Friday, October 19, 2018

May these words of Torah serve as a merit le’iluy nishmat Menachem Mendel ben Harav Yoel David Balk, a”h, on the occasion of his second yahrtzeit.


This week we learned Shavuot 39. These are some highlights.

Shavuot 39: Should you spend money to avoid swearing truthfully?

Our daf discusses the oath imposed by a court. If a man demanded from his friend at least two ma’ah of silver and a peruta, and the man he demanded from admitted to owing the peruta and denied owing the two ma’ah, the court imposes an oath on the man who admitted to part of the claim and denied the rest of the claim. This nitva must swear that he does not owe the two silver ma’ah.

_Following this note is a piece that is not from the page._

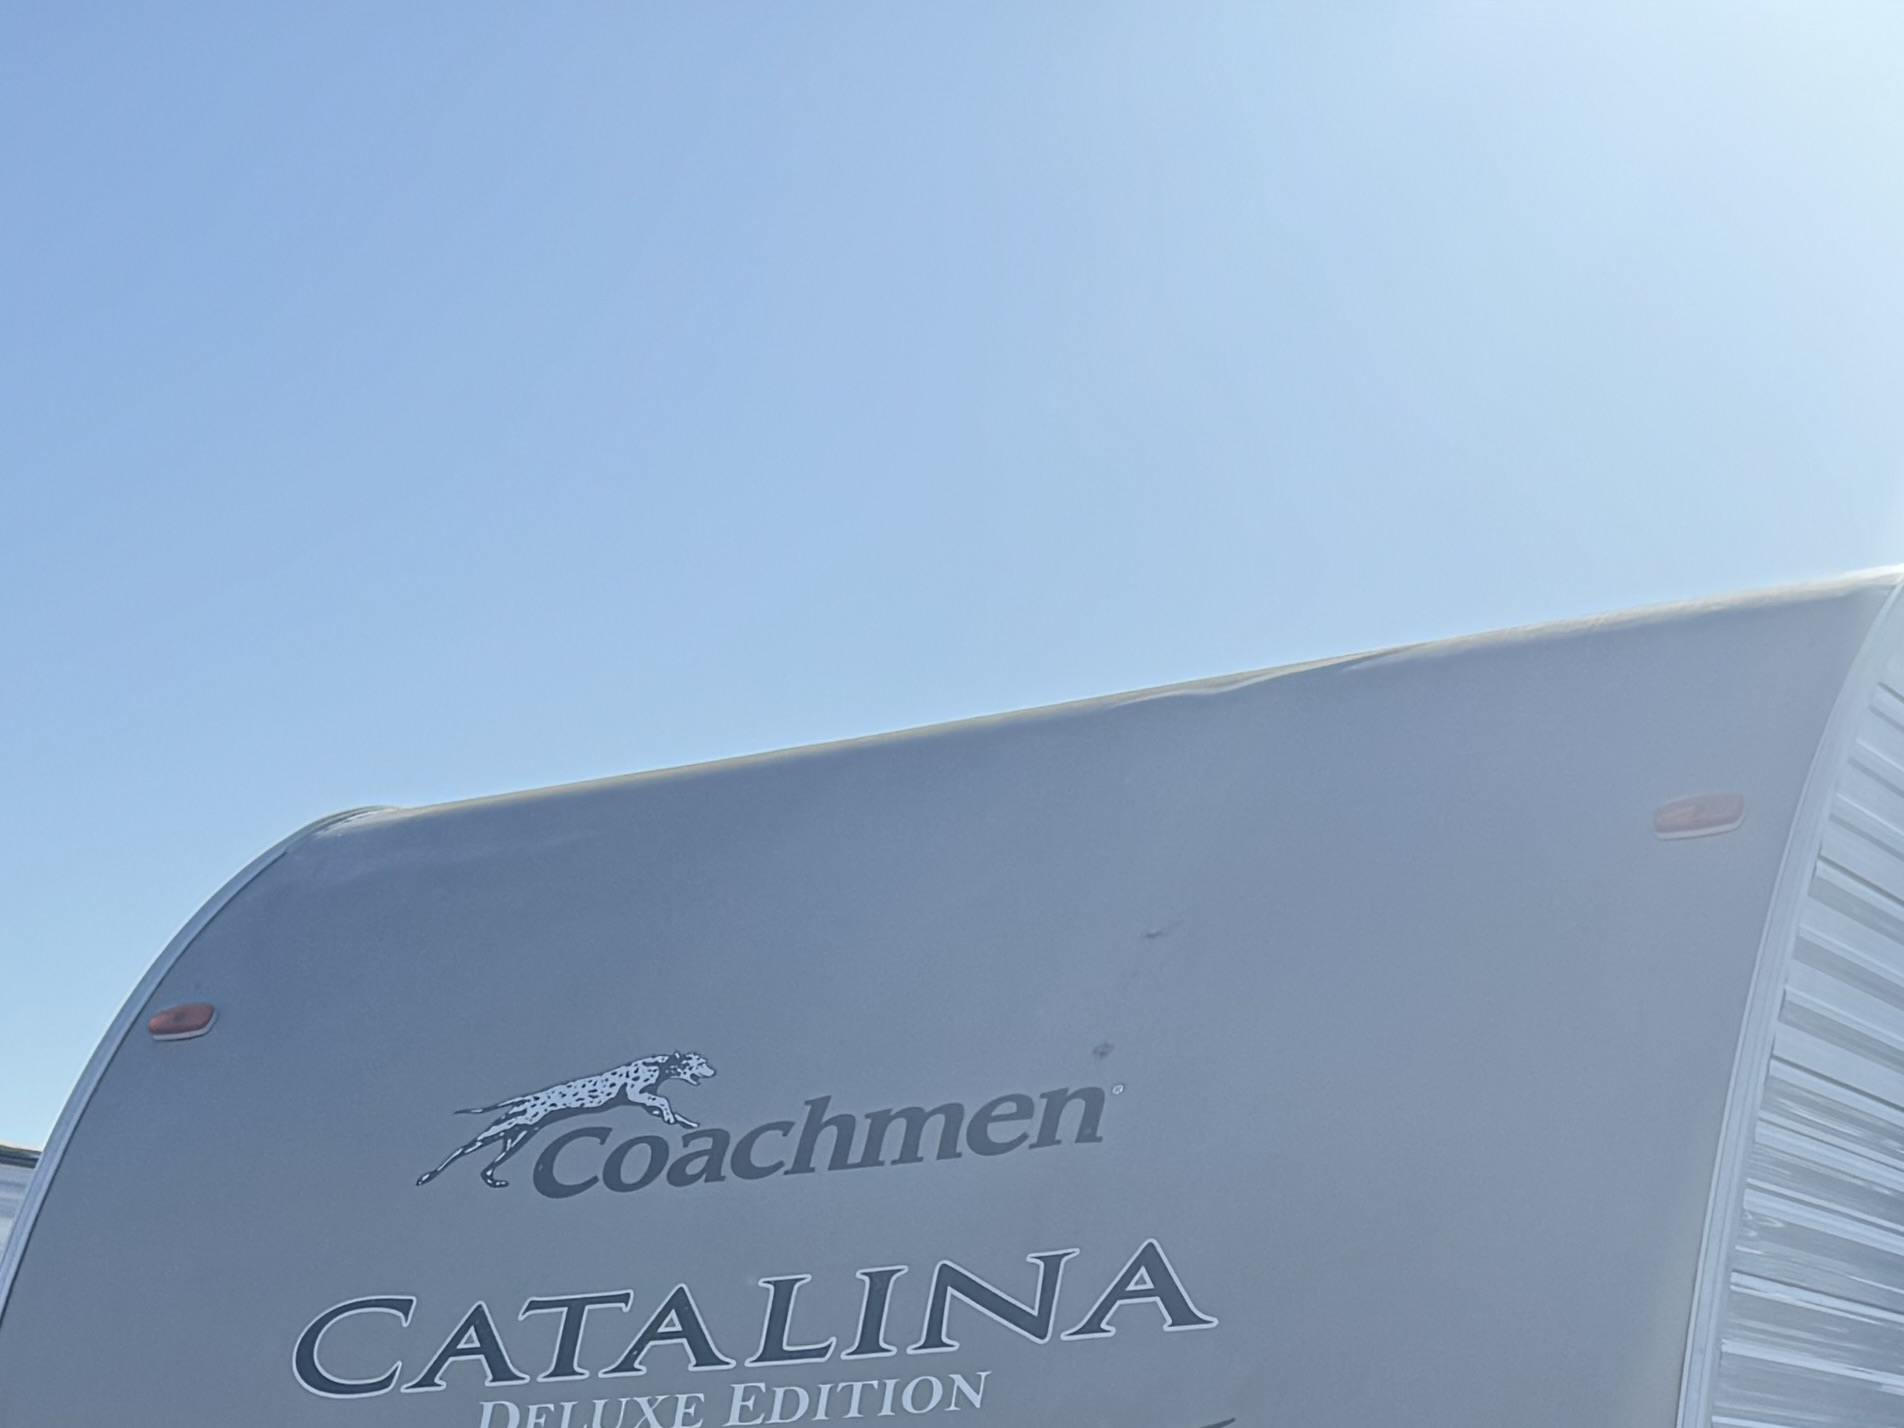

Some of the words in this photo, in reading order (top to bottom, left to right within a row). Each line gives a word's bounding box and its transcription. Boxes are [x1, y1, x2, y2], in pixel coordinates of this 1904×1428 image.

[533, 1081, 1105, 1199] Coachmen
[292, 1238, 1217, 1398] CATALINA
[722, 1370, 991, 1426] EDITION

Our daf teaches about this oath. Before the nitva swears, the court tries to intimidate him. They warn him that the entire world shook when the Almighty declared, “Do not bear My name (in an oath) in vain.” When the man insists on swearing, the court declares that all should move away from these litigants, for being close to them is like being near the tents of the wicked. What is the moral ideal in a case of an oath obligation? Should a man pay to avoid swearing truthfully? Are all oaths problematic?

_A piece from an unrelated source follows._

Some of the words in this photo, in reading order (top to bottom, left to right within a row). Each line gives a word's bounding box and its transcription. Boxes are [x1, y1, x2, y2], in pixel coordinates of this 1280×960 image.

Shu”t Chatam Sofer and Sefer Chasidim both argue that all oaths are problematic. They feel a man should lose money to avoid taking a truthful oath. In Sefer Chasidim (Siman 418) he discusses a Jew who owed an oath to a gentile. The Jew declared, “If I swear truthfully and get my money from him, I will give half of it to charity.” The sage told him, “Even if the truthful oath would get you to give all of it to charity and to add from your own funds to charity, you would still be better off not swearing at all. Many cities have been destroyed because of truthful oaths.” Shu”t Chatam Sofer quotes the midrashic source that cities were lost because of truthful oaths.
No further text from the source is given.